When it comes to patents, you are able to patent essentially anything that can be made by human hands and is an original invention, idea, or thought. Exceptions to what can be patented includes the following:
- Laws of nature
- Physical phenomena
- Abstract ideas
Even if you were to come up with a useful and brand new scientific discovery that hadn’t ever been thought of by anyone else, you still cannot legally patent it. The reason for this is you didn’t actually create the idea that you discovered – it always existed and you just happened to be the first one to notice it. On the other hand, coming up with an invention that was to make use of your discover would be a much different story, and would almost certainly be able to be patented.
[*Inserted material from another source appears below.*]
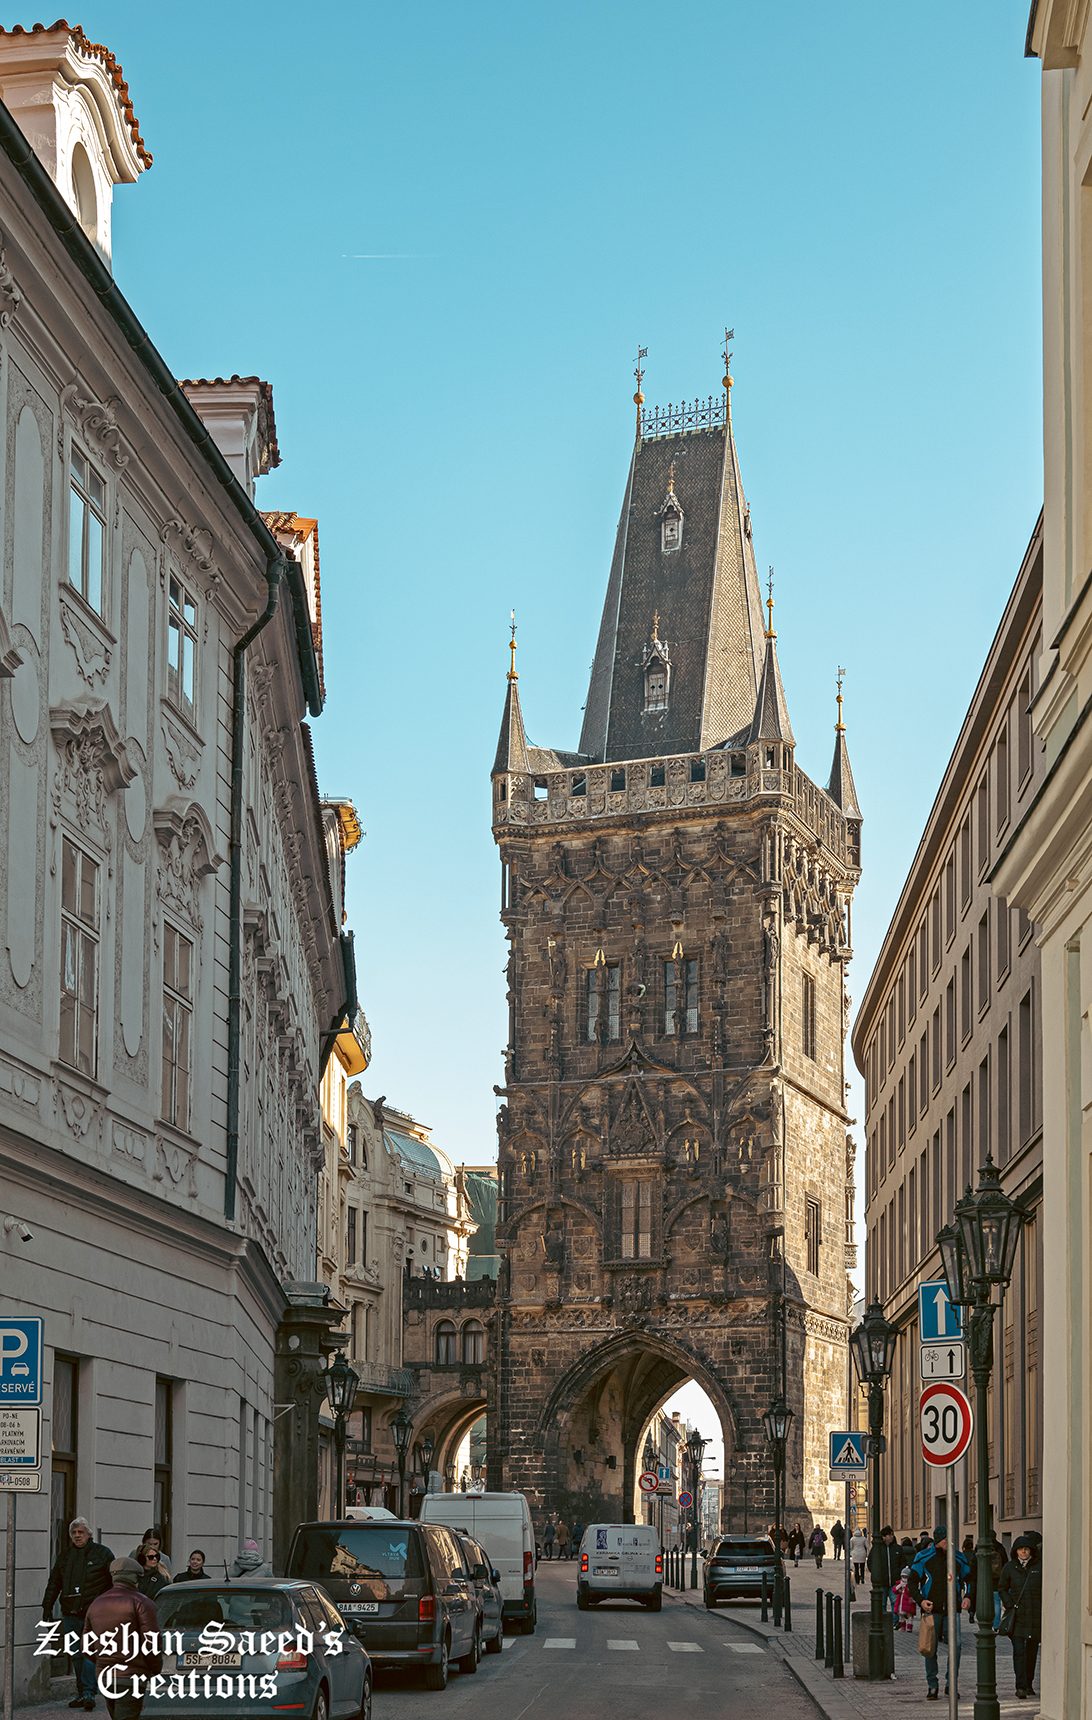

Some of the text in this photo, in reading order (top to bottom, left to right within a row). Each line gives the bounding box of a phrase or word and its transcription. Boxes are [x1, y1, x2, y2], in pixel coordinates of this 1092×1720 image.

Under patent law, physical phenomena is classified as products of nature. This means that in the event that your invention takes place in nature, it is still considered to be a physical phenomenon and, legally, cannot be patented.
When it comes to living things, patents are questionable. For instance, if you have an invention that falls under a product of nature, then it will fall under excluded subject matter. On the other hand, having an invention that doesn’t occur naturally and that exists only through some work on your part means you can possibly obtain a patent.
This means, for instance:
- You would be unable to patent a species of mouse running around your lab.
- You would be able to patent a mouse that you genetically engineered to be used in cancer research.
- You would be unable to patent a combination of various bacteria containing beneficial properties if this same combination also occurs elsewhere in nature.
- You would be able to patent a bacterial species genetically altered by you as a way to solve an issue if it didn’t occur naturally elsewhere.